Given data Start Marker

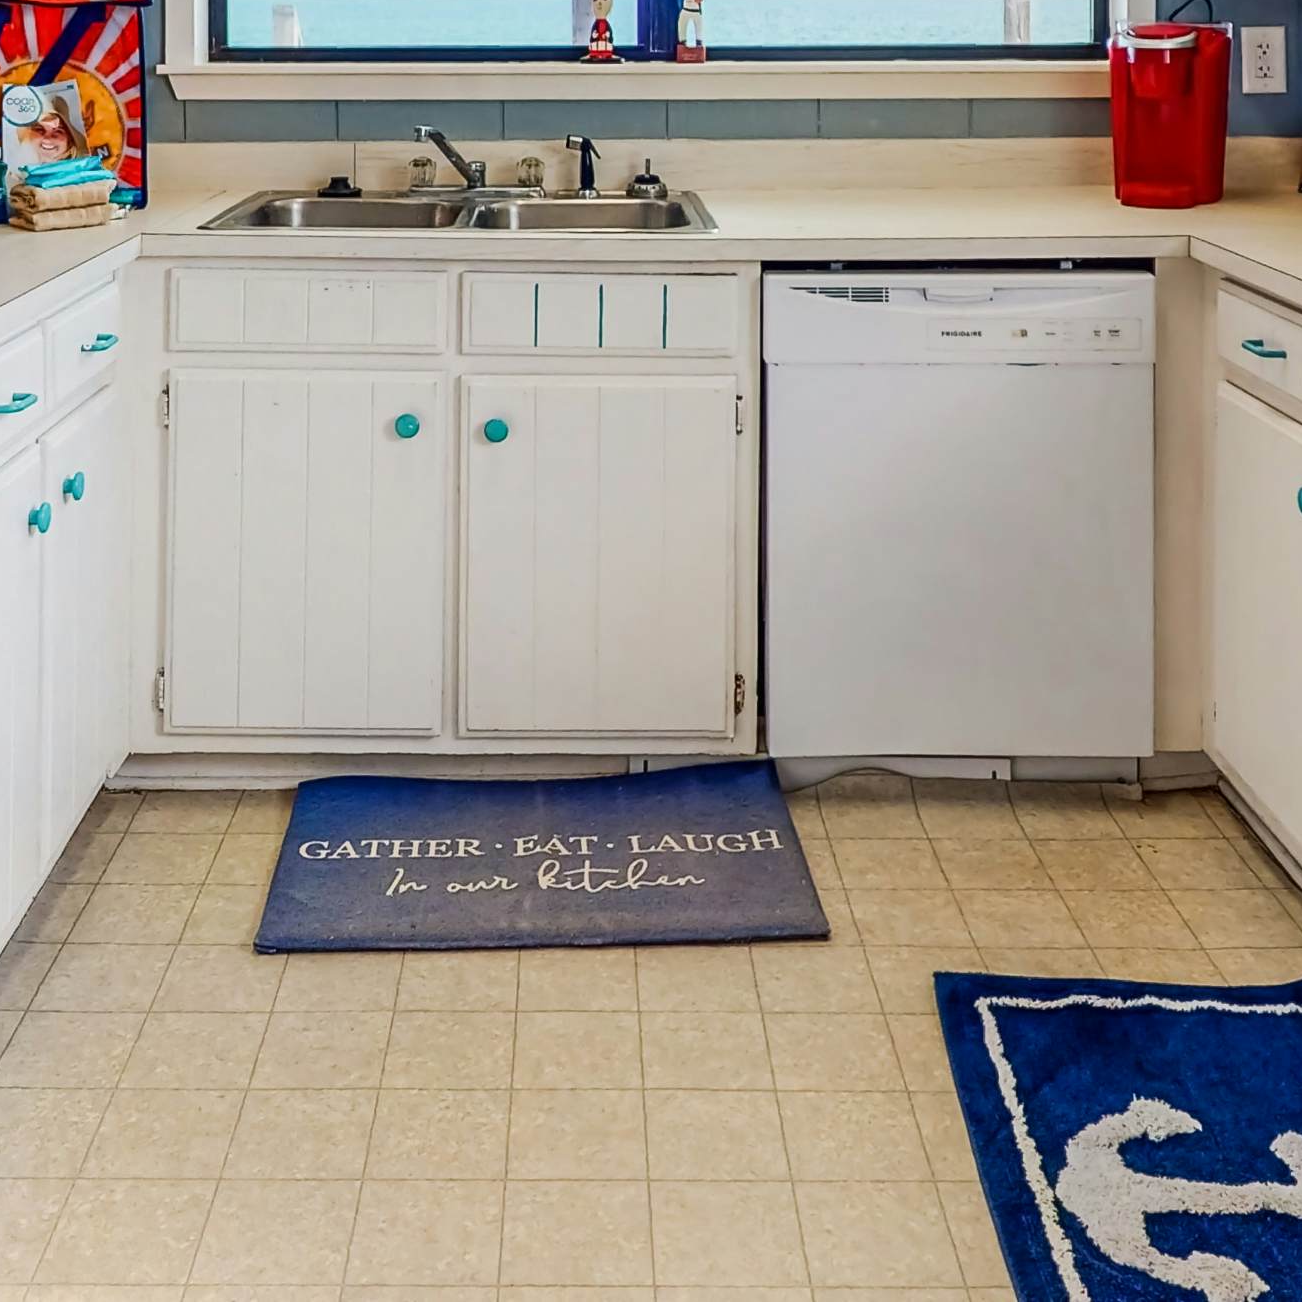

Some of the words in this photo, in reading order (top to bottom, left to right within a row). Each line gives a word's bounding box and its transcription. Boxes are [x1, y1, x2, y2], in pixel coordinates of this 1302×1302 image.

[941, 330, 982, 338] FRIGIDAIRE
[298, 838, 486, 859] GATHER
[513, 833, 599, 857] EAT
[627, 829, 785, 854] LAUGH
[386, 867, 427, 897] In
[446, 875, 518, 893] our
[537, 858, 706, 895] kitchen

Given data End Marker

▶ [Task item] Pictures aside, print every line of the material exactly.

▶ [Response box]
Some of the words in this photo, in reading order (top to bottom, left to right within a row). Each line gives a word's bounding box and its transcription. Boxes are [x1, y1, x2, y2], in pixel coordinates of this 1302×1302 image.

[941, 330, 982, 338] FRIGIDAIRE
[298, 838, 486, 859] GATHER
[513, 833, 599, 857] EAT
[627, 829, 785, 854] LAUGH
[386, 867, 427, 897] In
[446, 875, 518, 893] our
[537, 858, 706, 895] kitchen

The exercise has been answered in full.